Tuesday, July 21, 2015

False hope for higher revenue in the face of the Kansas tax cuts


By Duane Goossen

Fiscal year 2015 is history. And revenue collections during the year never lived up to expectations.

After general fund income dropped dramatically in FY 2014, the governor and too many lawmakers still held out false hope that receipts would rebound in FY 2015. Instead, the Kansas revenue stream stayed at the same low level, even while revenue estimates remained too high.

Kansas officials estimate future revenue twice a year, in November and April. The first official estimate of FY 2015 tax revenue, done in November 2013, predicted receipts of $5.975 billion. Then, in April 2014, at the start of an election season and two months before FY 2015 actually began, the estimators used incomplete and inadequate information from the Department of Revenue to revise their predictions slightly up to $6.050 billion.

The estimators should have lowered their forecast at that point. Within a week of the estimate’s release, it became clear that income tax revenue was tanking and would not reach the expectations that had been set. Nevertheless, that April 2014 estimate stayed in place all through the election season, allowing the fiction to persist that Kansas might have enough revenue to fund its budget.

One week after the election, the falseness of the earlier estimate was exposed when estimators revised the FY 2015 revenue forecast down to $5.830 billion. Even that was not low enough. By April 2015 the estimate was lowered yet again to $5.743 billion. And, when FY 2015 finally ended 2 months later, the final tally underperformed even that low expectation by $26 million.
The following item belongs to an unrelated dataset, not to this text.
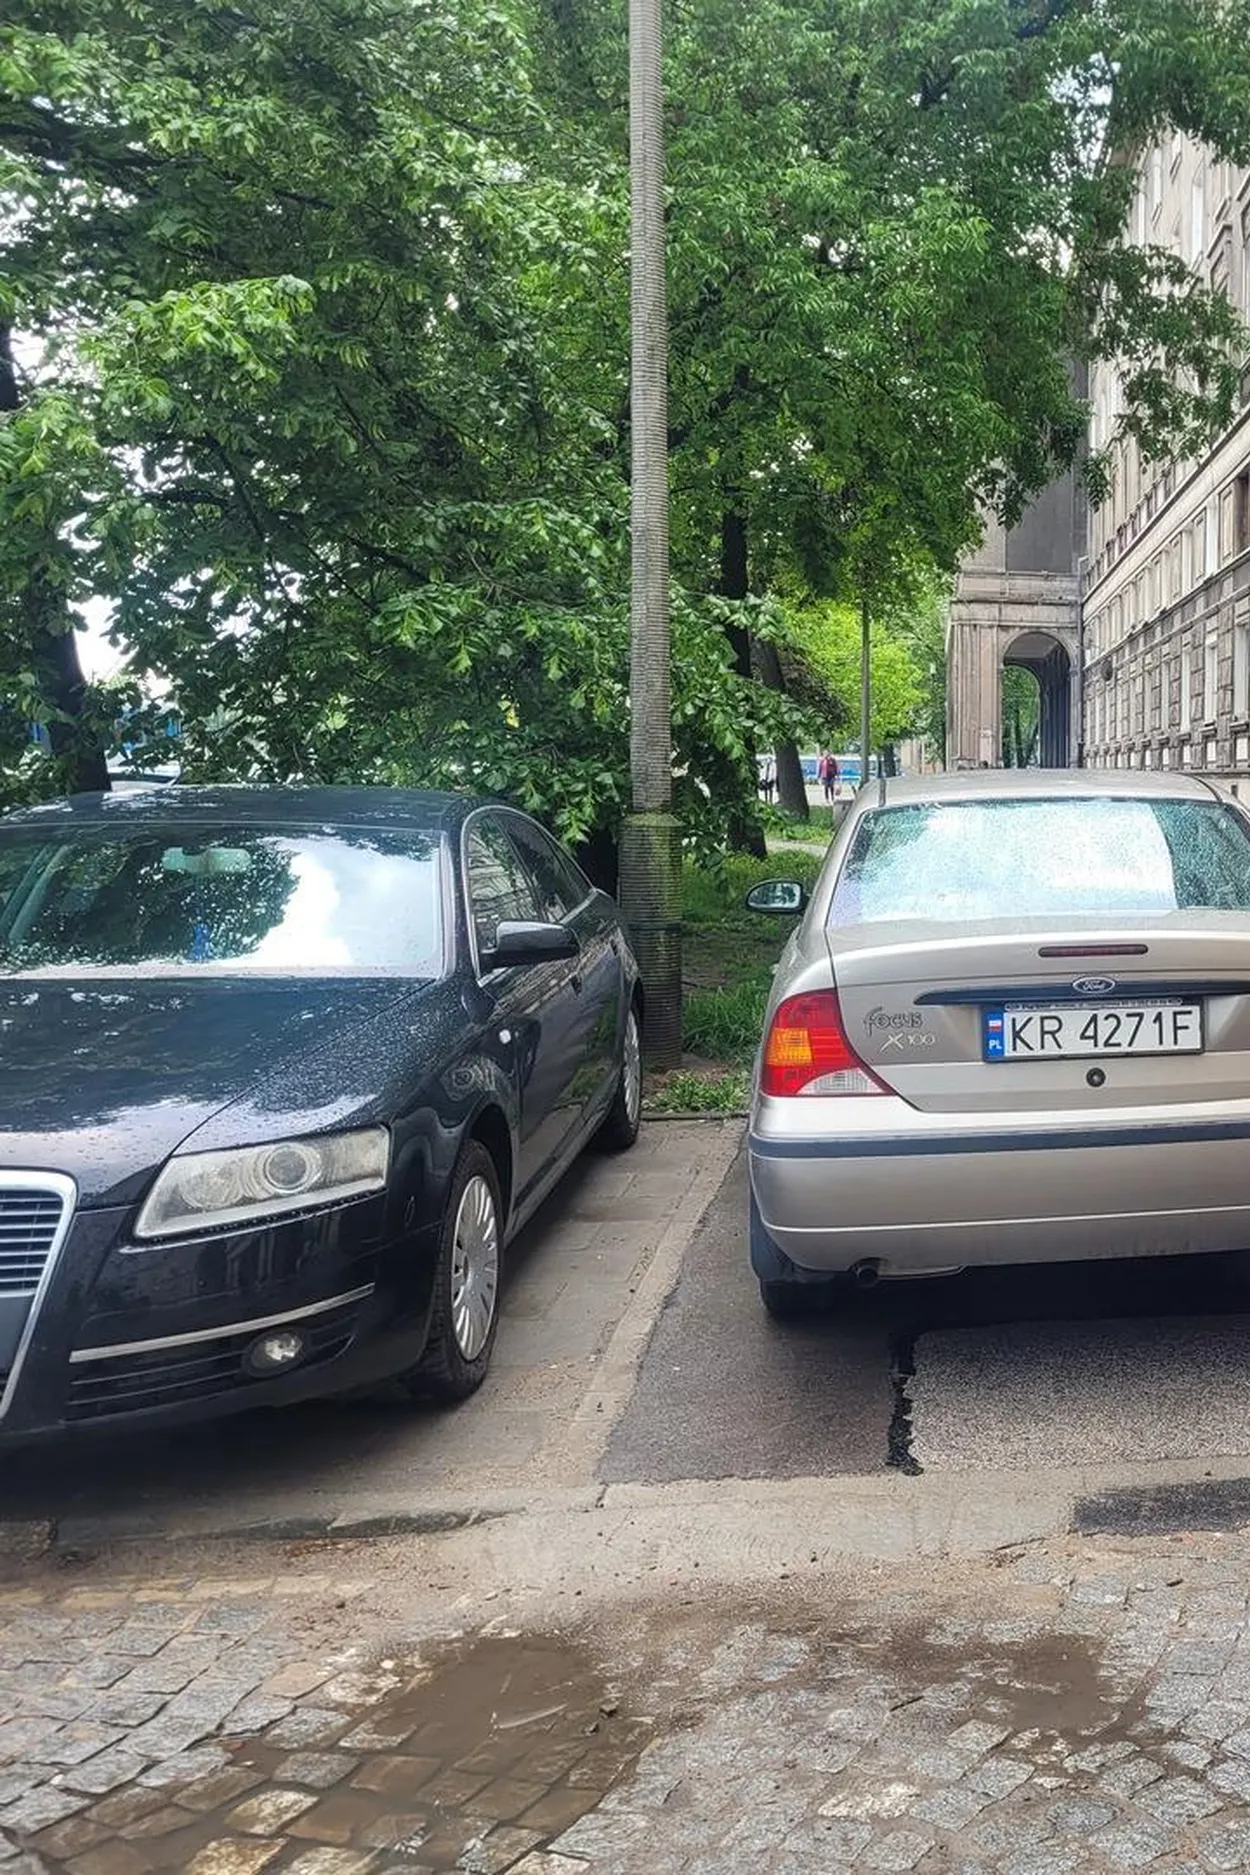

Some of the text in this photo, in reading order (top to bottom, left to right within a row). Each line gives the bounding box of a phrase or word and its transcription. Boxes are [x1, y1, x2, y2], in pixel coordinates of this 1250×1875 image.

[1011, 1010, 1193, 1051] KR 4271F
[989, 1039, 1003, 1050] PL
So where are we now? In FY 2013, Kansas had post-recession tax revenue that exceeded $6.3 billion. In FY 2014, the full impact of unaffordable tax cuts hit home, dropping the Kansas revenue stream below $5.7 billion. FY 2015 tax revenue stayed at that same basic $5.7 billion level, far less than the amount Kansas needed to fund its budgeted expenses. Kansas only survived the fiscal year by cleaning out its reserves, moving money from the highway fund, and shaking the couch cushions to find any other available cash in the balances of other funds.

Although the income tax policy that caused all the problems remains in place, sales and cigarette taxes go up in FY 2016. With the tax increases, FY 2016 tax revenue is predicted to rise to $6.2 billion. It probably won’t actually reach that level, but even if it does, that’s a $6.2 billion revenue stream against a very conservative set of expenses already totaling nearly $6.4 billion. And the bank account is empty.

The 2012 tax policy has crippled Kansas financially. In the future, revenue will have to increase in order for Kansas to just meet minimal obligations.


— This column originally ran on the Kansas Center for Economic Growth website.